Wikipedia says (alongside a stunning photo):
LEFT: I’ve had two of these bees visiting my fake jasmine creeper for most of the week. When I first saw them I couldn’t believe my eyes – thinking they were European bumblebees. I was searching my conscience to see how I felt about failing to report them to the Department of the Environment when I recalled reading about our native teddy bear bees. Foreign bumblebees are kept from mainland Australia to keep our many smaller native bees safe. Our island State, Tasmania, hosts the pretty European.
On that first day,I followed my visitors around and around the jasmine for an hour without getting a single clear image, and if you look at the first You Tube video below from Aussie Bees you’ll see why. They just will not keep still long enough!
Aussie Bees is a handy site for bee identification.
RIGHT: They have this weird habit of flying all bunched up like a ball, but sometimes they leave some legs hanging (that pale loop out front is a vine on the jasmine).
From the stripes, both the black ones and the hairless, I decided that they are the teddy bear bee, despite the whitish head. Perhaps they have been breeding with their close cousin, the blue-banded bee.

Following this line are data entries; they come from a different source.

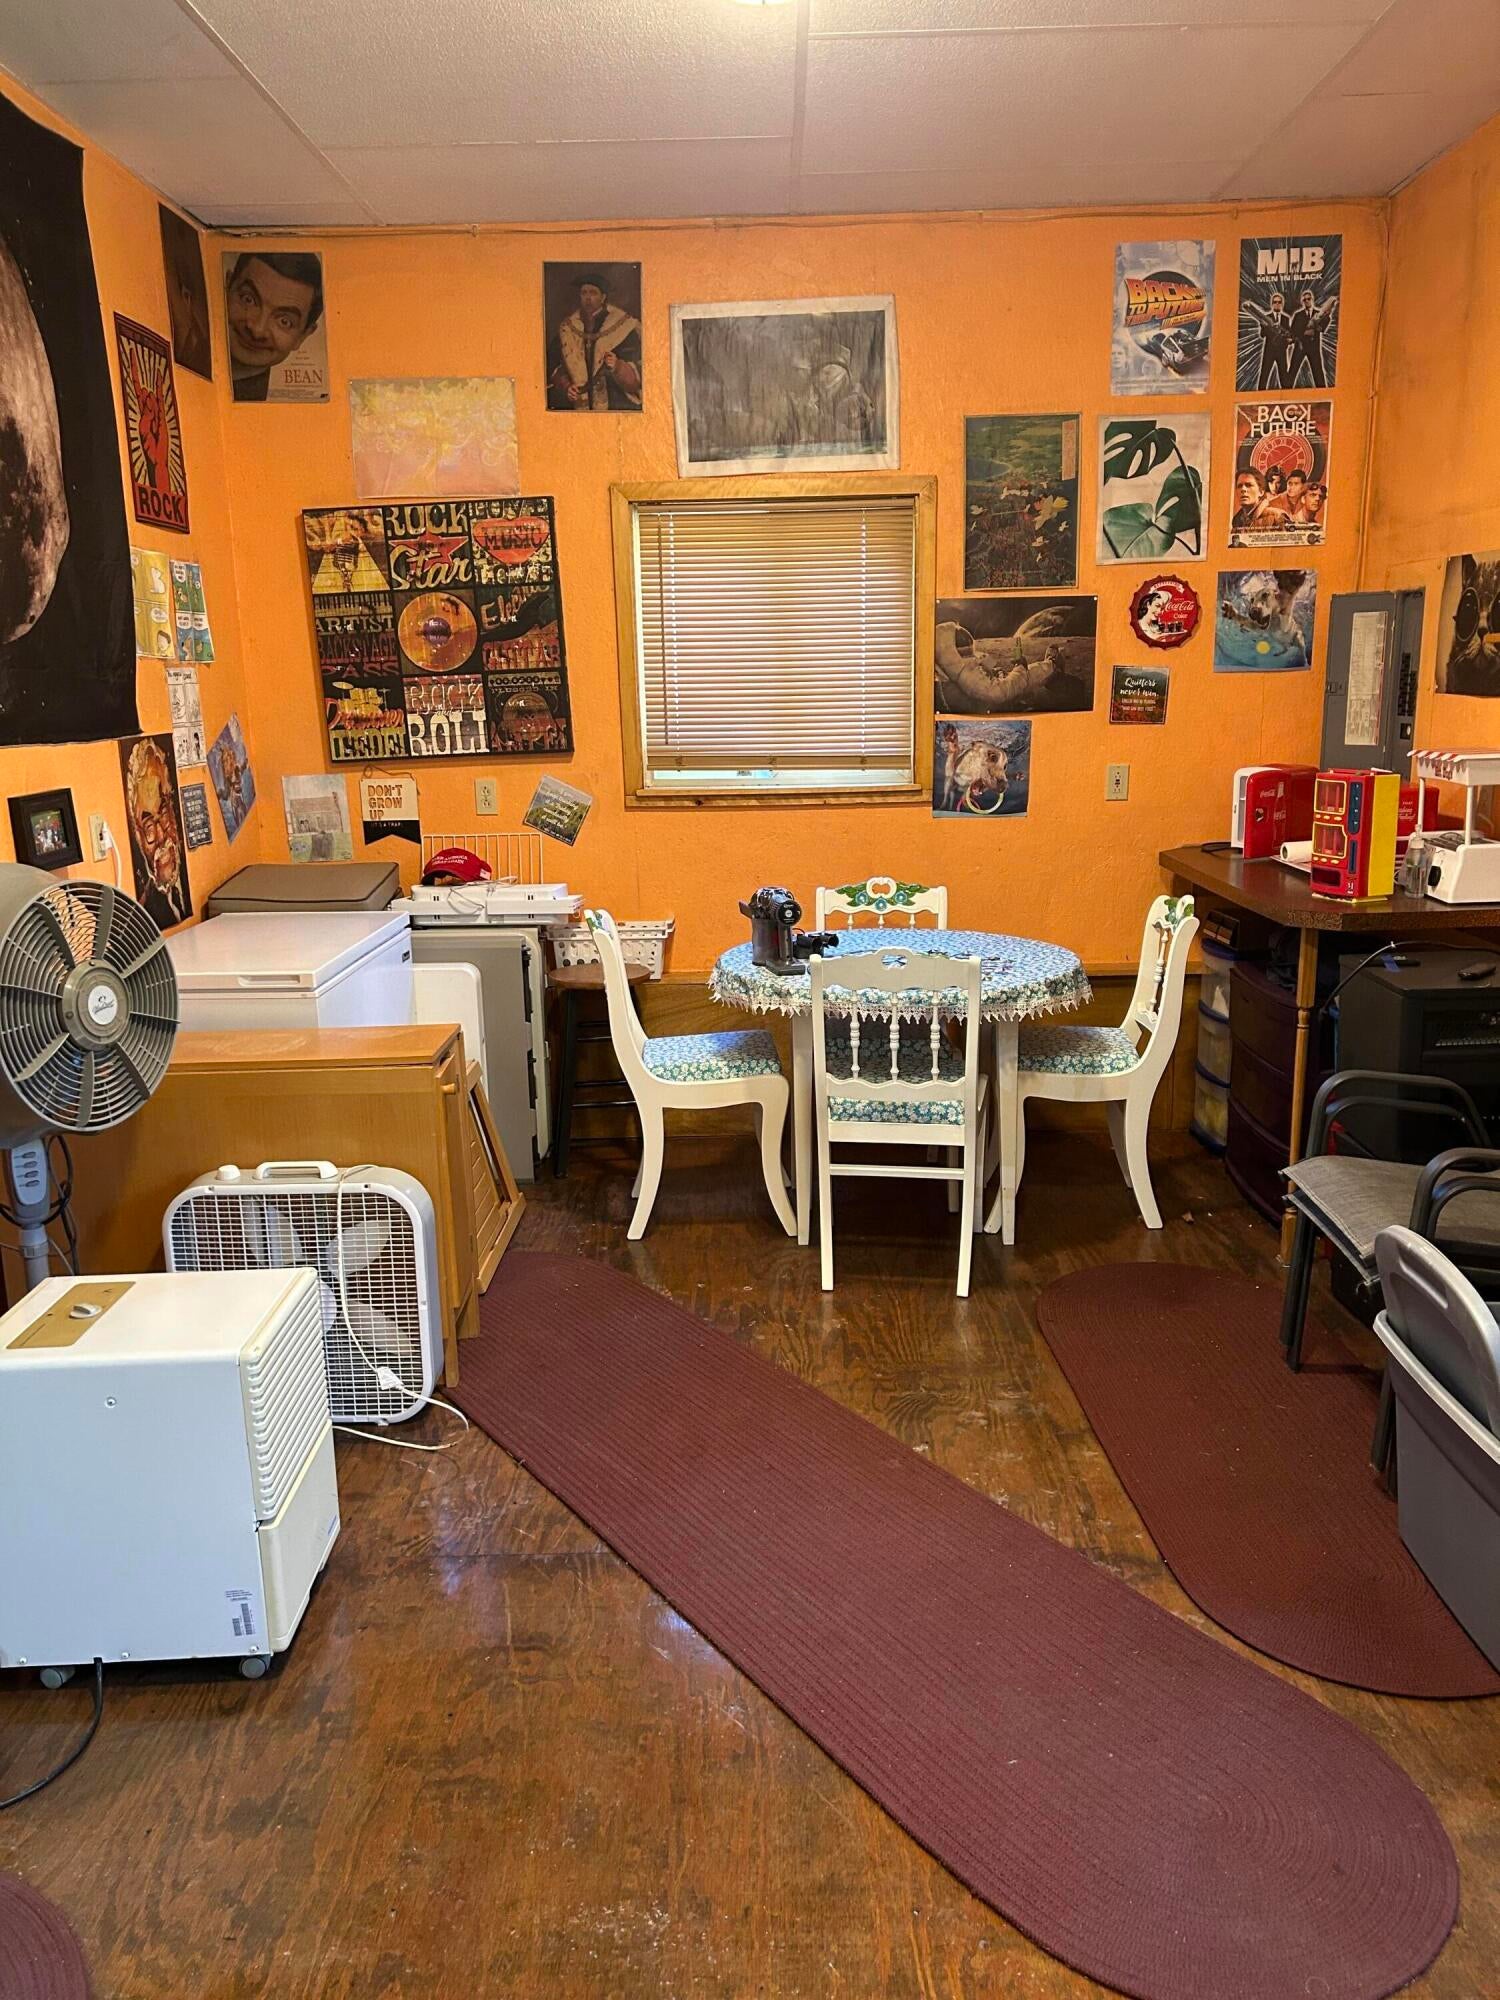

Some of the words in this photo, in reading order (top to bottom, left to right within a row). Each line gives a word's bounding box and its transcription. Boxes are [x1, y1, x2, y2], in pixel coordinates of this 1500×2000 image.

[1257, 246, 1325, 275] MIB
[1257, 275, 1278, 283] MEN
[1294, 273, 1323, 281] BLACK
[284, 369, 323, 384] BEAN
[1257, 404, 1312, 423] BACK
[1250, 421, 1316, 438] FUTURE
[138, 487, 185, 524] ROCK
[386, 503, 469, 537] ROCK
[482, 525, 542, 551] MUSIC
[389, 544, 473, 590] Star
[315, 615, 395, 635] ARTIST
[1124, 677, 1156, 688] Quitters
[1120, 688, 1141, 696] never
[407, 709, 490, 757] ROLL
[368, 784, 403, 797] DON'T
[368, 797, 403, 809] GROW
[369, 809, 385, 820] UP
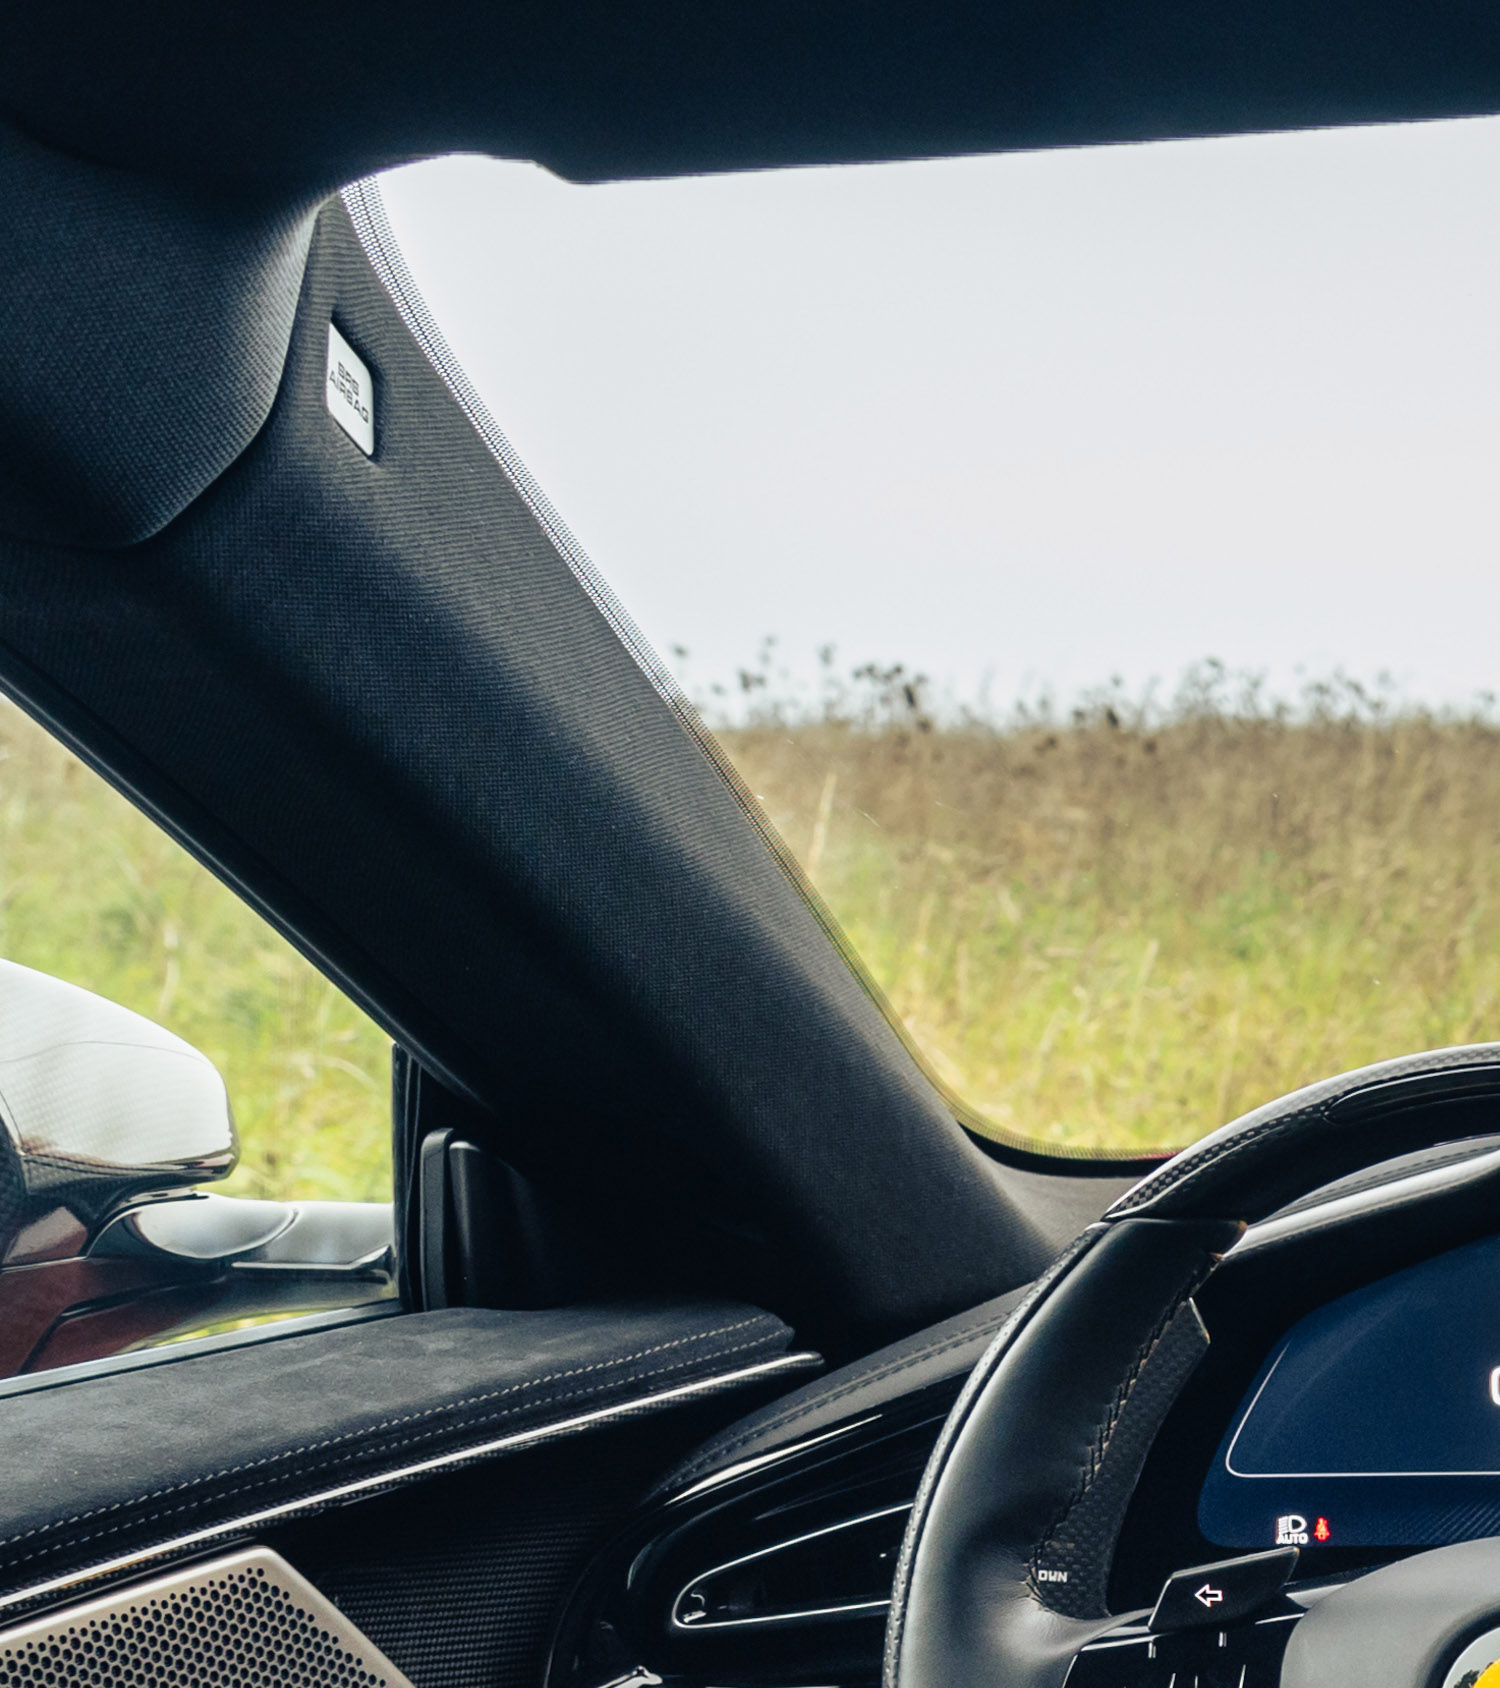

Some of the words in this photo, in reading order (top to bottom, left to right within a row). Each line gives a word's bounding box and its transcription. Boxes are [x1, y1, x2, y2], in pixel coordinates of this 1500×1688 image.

BELOW: A few of the the blue-banded ones are here, too, looking terrific when the blue glints in the sun! Again, so hard to catch them still long enough to photograph. They are smaller than the teddy bear, but still a very large bee. You can just see the bluish tint in the image … just!
And another fascinating video from Aussie Bees.
I found that they sleep clustering on stems, holding on with their jaws, fascinating.